** Opening Dataset block **

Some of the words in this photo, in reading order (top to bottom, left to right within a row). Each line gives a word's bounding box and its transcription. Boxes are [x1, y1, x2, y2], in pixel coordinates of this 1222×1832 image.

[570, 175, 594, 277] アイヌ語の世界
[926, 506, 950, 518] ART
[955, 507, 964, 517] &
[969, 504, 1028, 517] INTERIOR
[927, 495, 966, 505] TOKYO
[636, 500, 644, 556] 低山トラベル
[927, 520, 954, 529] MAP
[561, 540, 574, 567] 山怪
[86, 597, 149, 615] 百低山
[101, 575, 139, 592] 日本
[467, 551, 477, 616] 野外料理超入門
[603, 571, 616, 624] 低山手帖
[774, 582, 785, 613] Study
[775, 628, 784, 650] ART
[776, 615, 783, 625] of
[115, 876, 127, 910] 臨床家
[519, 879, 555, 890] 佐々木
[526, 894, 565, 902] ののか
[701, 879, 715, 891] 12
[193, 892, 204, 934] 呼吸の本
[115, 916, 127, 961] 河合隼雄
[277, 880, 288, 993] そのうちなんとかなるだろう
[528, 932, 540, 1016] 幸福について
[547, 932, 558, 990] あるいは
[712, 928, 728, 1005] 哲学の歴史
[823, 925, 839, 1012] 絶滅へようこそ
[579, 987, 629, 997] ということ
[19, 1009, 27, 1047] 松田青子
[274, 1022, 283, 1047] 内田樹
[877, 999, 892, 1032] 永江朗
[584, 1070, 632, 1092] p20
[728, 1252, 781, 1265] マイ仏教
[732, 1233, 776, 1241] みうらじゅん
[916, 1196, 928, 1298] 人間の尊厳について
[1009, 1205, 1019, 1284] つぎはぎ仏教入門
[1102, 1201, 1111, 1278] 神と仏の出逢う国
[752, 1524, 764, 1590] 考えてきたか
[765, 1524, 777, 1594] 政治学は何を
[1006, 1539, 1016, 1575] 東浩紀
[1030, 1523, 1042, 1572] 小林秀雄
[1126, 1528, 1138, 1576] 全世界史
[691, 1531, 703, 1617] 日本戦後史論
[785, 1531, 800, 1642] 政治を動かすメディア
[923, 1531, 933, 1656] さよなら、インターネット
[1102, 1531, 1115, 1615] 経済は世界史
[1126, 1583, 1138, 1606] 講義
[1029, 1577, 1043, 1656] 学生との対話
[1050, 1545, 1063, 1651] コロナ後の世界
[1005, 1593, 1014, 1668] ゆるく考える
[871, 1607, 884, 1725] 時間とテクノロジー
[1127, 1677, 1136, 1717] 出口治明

** Closing Dataset block **

▸ The problem
Write every record out again, unaltered.

▸ Exercise result
Some of the words in this photo, in reading order (top to bottom, left to right within a row). Each line gives a word's bounding box and its transcription. Boxes are [x1, y1, x2, y2], in pixel coordinates of this 1222×1832 image.

[570, 175, 594, 277] アイヌ語の世界
[926, 506, 950, 518] ART
[955, 507, 964, 517] &
[969, 504, 1028, 517] INTERIOR
[927, 495, 966, 505] TOKYO
[636, 500, 644, 556] 低山トラベル
[927, 520, 954, 529] MAP
[561, 540, 574, 567] 山怪
[86, 597, 149, 615] 百低山
[101, 575, 139, 592] 日本
[467, 551, 477, 616] 野外料理超入門
[603, 571, 616, 624] 低山手帖
[774, 582, 785, 613] Study
[775, 628, 784, 650] ART
[776, 615, 783, 625] of
[115, 876, 127, 910] 臨床家
[519, 879, 555, 890] 佐々木
[526, 894, 565, 902] ののか
[701, 879, 715, 891] 12
[193, 892, 204, 934] 呼吸の本
[115, 916, 127, 961] 河合隼雄
[277, 880, 288, 993] そのうちなんとかなるだろう
[528, 932, 540, 1016] 幸福について
[547, 932, 558, 990] あるいは
[712, 928, 728, 1005] 哲学の歴史
[823, 925, 839, 1012] 絶滅へようこそ
[579, 987, 629, 997] ということ
[19, 1009, 27, 1047] 松田青子
[274, 1022, 283, 1047] 内田樹
[877, 999, 892, 1032] 永江朗
[584, 1070, 632, 1092] p20
[728, 1252, 781, 1265] マイ仏教
[732, 1233, 776, 1241] みうらじゅん
[916, 1196, 928, 1298] 人間の尊厳について
[1009, 1205, 1019, 1284] つぎはぎ仏教入門
[1102, 1201, 1111, 1278] 神と仏の出逢う国
[752, 1524, 764, 1590] 考えてきたか
[765, 1524, 777, 1594] 政治学は何を
[1006, 1539, 1016, 1575] 東浩紀
[1030, 1523, 1042, 1572] 小林秀雄
[1126, 1528, 1138, 1576] 全世界史
[691, 1531, 703, 1617] 日本戦後史論
[785, 1531, 800, 1642] 政治を動かすメディア
[923, 1531, 933, 1656] さよなら、インターネット
[1102, 1531, 1115, 1615] 経済は世界史
[1126, 1583, 1138, 1606] 講義
[1029, 1577, 1043, 1656] 学生との対話
[1050, 1545, 1063, 1651] コロナ後の世界
[1005, 1593, 1014, 1668] ゆるく考える
[871, 1607, 884, 1725] 時間とテクノロジー
[1127, 1677, 1136, 1717] 出口治明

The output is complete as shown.